The final appointment of this "appointments season" was last week - the climax of it all really. It was the mammogram result and check up with my surgeon. I was delighted to be told that all is well; that I'm still living with our friend NED (No Evidence of Disease). Now I am striding forward into Year 3.
It was another very positive appointment. Not just because all appears well, but also because they seemed to be genuinely happy for me that the mammogram and exam were clear, that all in all I'm feeling so much better on Aromasin than I had been on tamoxifen, and that the genetic testing hadn't shown a BRCA gene mutation. There was also the welcome news that because I am only just osteopenic, the bisphosphonate may not only protect my bones from further thinning due to the Aromasin but might even restore normal bone density. So I left feeling very positive indeed, and toddled off to buy myself a Year 2 anniversary present. Cancer does give you plenty of opportunities for present buying!
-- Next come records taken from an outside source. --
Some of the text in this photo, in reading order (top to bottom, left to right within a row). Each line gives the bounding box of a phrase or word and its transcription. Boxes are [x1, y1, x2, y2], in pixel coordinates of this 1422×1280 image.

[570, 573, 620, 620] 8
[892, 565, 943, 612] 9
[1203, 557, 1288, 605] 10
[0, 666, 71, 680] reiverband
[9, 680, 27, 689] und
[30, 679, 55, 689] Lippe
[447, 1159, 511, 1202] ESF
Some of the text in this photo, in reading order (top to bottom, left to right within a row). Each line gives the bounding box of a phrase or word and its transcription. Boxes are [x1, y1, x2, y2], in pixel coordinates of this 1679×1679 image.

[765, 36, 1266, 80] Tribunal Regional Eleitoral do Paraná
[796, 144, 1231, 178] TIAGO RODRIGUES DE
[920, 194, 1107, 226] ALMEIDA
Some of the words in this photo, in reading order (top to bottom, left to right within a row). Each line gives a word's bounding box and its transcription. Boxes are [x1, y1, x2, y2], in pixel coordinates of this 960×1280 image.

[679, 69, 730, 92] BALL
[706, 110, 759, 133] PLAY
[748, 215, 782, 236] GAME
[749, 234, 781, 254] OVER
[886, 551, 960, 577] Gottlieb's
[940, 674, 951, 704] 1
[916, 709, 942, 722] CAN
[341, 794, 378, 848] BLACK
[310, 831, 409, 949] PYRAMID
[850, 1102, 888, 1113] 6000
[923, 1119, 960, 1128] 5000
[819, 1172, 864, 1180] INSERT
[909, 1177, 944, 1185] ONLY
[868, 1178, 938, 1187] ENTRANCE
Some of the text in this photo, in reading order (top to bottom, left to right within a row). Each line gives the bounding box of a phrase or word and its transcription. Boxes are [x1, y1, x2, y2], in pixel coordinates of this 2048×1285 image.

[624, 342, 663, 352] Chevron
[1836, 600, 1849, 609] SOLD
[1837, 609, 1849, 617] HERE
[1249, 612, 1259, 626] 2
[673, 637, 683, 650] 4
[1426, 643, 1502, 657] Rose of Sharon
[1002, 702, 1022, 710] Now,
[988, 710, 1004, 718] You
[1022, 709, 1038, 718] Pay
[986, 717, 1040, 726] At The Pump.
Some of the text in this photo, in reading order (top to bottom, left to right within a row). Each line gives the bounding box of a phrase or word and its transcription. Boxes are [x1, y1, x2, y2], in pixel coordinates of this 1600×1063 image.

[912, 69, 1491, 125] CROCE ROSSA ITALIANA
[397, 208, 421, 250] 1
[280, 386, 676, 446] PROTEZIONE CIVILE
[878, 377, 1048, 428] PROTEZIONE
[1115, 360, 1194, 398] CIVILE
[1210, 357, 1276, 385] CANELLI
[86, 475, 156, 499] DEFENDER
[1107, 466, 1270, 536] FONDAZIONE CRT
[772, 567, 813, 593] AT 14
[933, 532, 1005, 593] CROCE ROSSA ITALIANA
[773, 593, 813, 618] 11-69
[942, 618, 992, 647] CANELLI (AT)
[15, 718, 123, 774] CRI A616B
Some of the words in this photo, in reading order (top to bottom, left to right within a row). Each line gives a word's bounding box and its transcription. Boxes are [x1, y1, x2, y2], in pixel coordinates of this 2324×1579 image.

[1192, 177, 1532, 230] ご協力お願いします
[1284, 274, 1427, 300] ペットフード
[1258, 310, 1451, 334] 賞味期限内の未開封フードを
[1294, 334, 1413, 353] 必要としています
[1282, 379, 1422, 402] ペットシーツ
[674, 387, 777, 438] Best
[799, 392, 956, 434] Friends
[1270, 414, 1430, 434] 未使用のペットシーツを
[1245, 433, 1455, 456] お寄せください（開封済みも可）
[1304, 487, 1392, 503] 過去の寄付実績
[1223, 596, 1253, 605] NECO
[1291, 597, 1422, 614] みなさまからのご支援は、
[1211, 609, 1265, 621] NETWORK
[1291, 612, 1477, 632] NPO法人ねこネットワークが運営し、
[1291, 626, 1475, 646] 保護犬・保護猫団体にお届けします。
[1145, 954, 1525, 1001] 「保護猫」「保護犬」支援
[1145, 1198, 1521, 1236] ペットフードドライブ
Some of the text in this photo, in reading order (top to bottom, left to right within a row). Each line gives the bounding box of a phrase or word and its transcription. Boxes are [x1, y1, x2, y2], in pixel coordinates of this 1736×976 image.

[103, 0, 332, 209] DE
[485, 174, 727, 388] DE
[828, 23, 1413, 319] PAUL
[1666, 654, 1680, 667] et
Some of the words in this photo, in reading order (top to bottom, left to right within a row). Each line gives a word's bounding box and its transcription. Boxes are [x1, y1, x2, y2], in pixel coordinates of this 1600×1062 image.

This year I was pleased to find that I wasn't too stressed about the mammogram in advance, but the wait for the result could have been difficult. It was made easier because there were only 8 days to wait for the result and for 4 of them I was away with some of the amazing and supportive women I met through the Breast Cancer Care online Forum. Although we all log into the Forum much less than we used to when we were in the thick of it all, we still look in from time to time and are always there for each other. Small groups meet up every now and then for anything from a couple of hours to a long weekend.
We still do talk about cancer stuff when we get together; it is a relief to be able to talk to people who understand the true situation and who know that outside tabloidland there is no such thing as "the all clear". But in addition to comparing scars and drug side effects there is now a lot of chat about everyday life, work, leisure, families, holidays, etc. Although we meet comparatively rarely and met for the first time only a year ago, such is the bond between us that we behave as if we have all been friends for years.
I sincerely hope that over the coming years cancer will continue to retreat to being an increasingly smaller and smaller part of our lives, in spite of the various permanent legacies with which it leaves us. However, I suspect that for many of us the bond of friendship will continue to evolve, and this is one permanent legacy for which I am exceedingly grateful.